Several letters mention the illnesses of Anne of Denmark and the royal physician Theodore de Mayerne left extensive Latin notes describing his treatment of Anne of Denmark from 10 April 1612 to her death.[3] From September 1614 Anne was troubled by pain in her feet and swellings, which were a form of gout and dropsy and restricted her movements, as described in the letters of her chamberlain Viscount Lisle and the countesses of Bedford and Roxburghe.[4] She was well enough to go hunting in August 1617,[5] but later in the year, Anne's bouts of illness became debilitating. The letter writer John Chamberlain noted, "the Queen continues still ill disposed and though she would fain lay all her infirmities upon the gout yet most of her physicians fear a further inconvenience of an ill habit or disposition through her whole body."[6]
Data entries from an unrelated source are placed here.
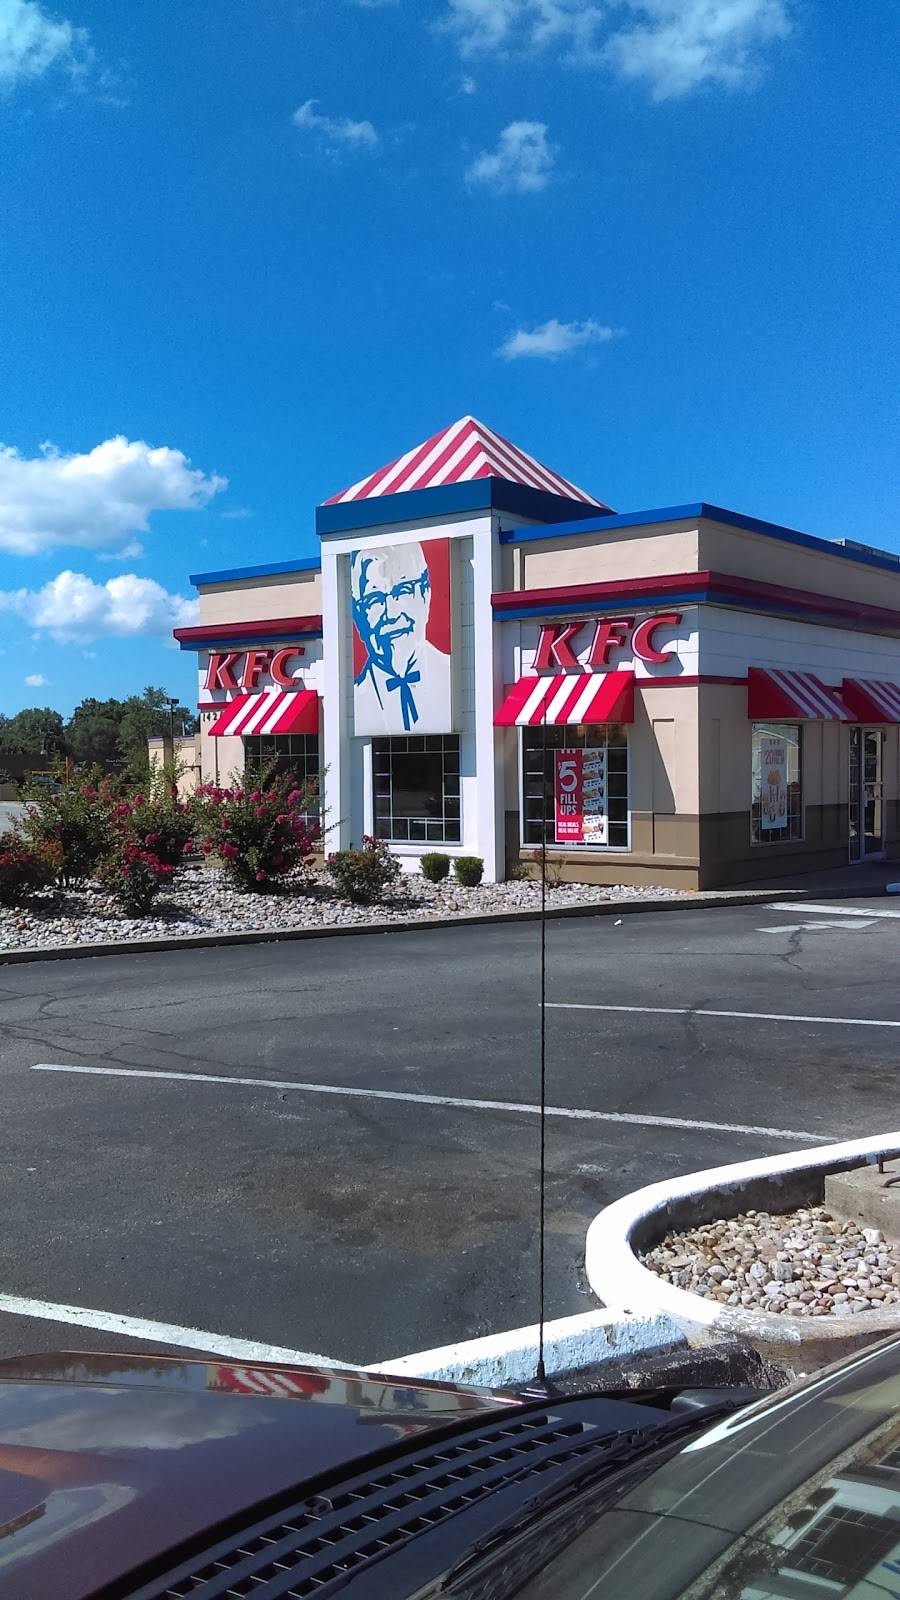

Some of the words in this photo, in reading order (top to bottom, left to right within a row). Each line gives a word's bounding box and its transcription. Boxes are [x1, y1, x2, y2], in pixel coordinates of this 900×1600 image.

[531, 612, 682, 669] KFC
[203, 647, 305, 690] KFC
[560, 794, 577, 805] FILL
[560, 805, 577, 816] UPS
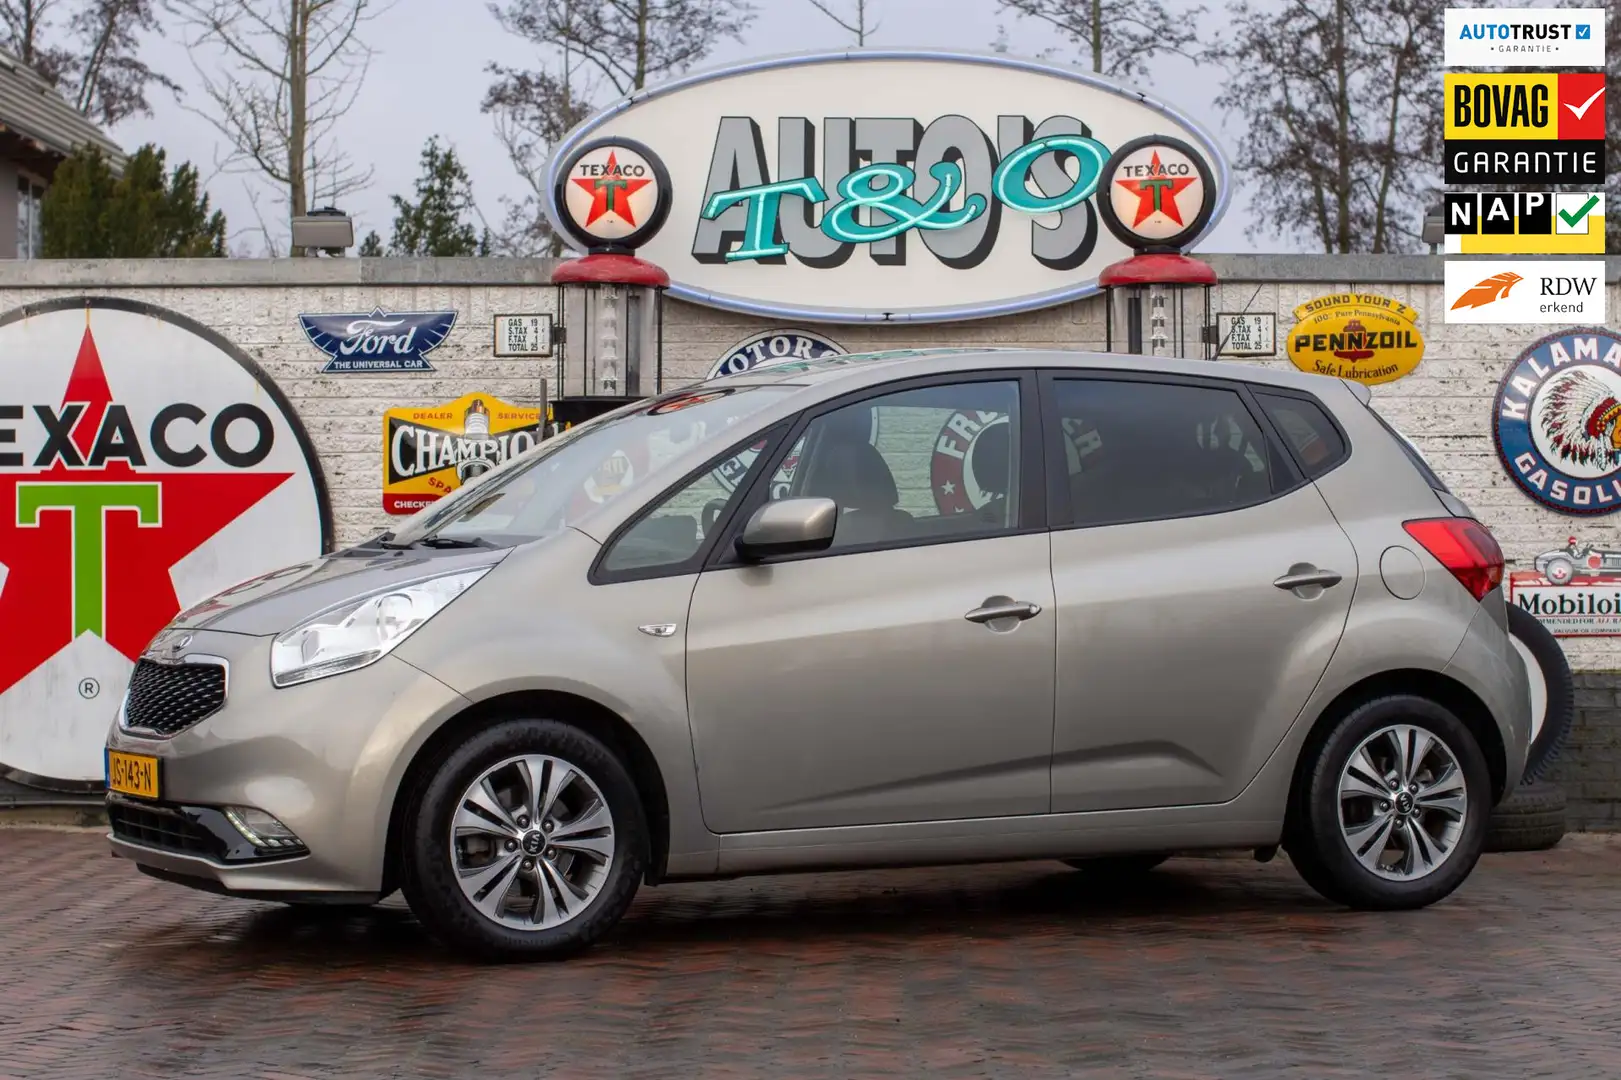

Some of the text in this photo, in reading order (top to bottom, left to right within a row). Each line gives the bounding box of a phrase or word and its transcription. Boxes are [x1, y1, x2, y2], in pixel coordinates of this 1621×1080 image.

[580, 164, 645, 177] TEXACO
[1123, 163, 1189, 177] TEXACO
[1305, 294, 1408, 314] SOUND YOUR Z
[508, 319, 538, 327] GAS 19
[1231, 317, 1246, 325] GAS
[339, 319, 418, 355] Ford
[508, 327, 528, 335] S.TAX
[508, 344, 528, 352] TOTAL
[1231, 342, 1252, 350] TOTAL
[1295, 331, 1417, 353] PENNZOIL
[715, 336, 814, 377] OTOR
[334, 360, 423, 369] THE UNIVERSAL CAR
[1312, 359, 1399, 379] Safe Lubrication
[413, 412, 453, 420] DEALER
[391, 421, 559, 478] CHAMPIO
[112, 757, 152, 792] JS-143-N
Anne of Denmark received "great good" from recipes provided by Walter Raleigh,[7] and wrote to King James in 1618 that he should not be executed.[8] She had a nosebleed at Oatlands in September 1618 that confined her to bed and disrupted her travel plans.[9] Lucy, Countess of Bedford, thought it had weakened her, and she appeared "dangerously ill".[10] In November, a comet was interpreted as a portent of her death, but she was reported to be in good health and had watched a fox hunt from her bedroom window.[11]
Death at Hampton Court
In January 1619, Mayerne instructed Anne to saw wood to improve her blood flow, but the exertion served to make her worse. Mayerne attributed the queen's ill-health to her cold and northerly upbringing.[12] Anne moved to Hampton Court and was attended by Mayerne, Henry Atkins, and, according to Gerard Herbert, Turner, a physician recommended by Walter Raleigh.[13] Her brother, Christian IV of Denmark wrote to Mayerne, thanking him for his work. Christian IV also wrote to Anne's companion, Lady Grey of Ruthin, to encourage Anne who was thought to be melancholy and solitary.[14]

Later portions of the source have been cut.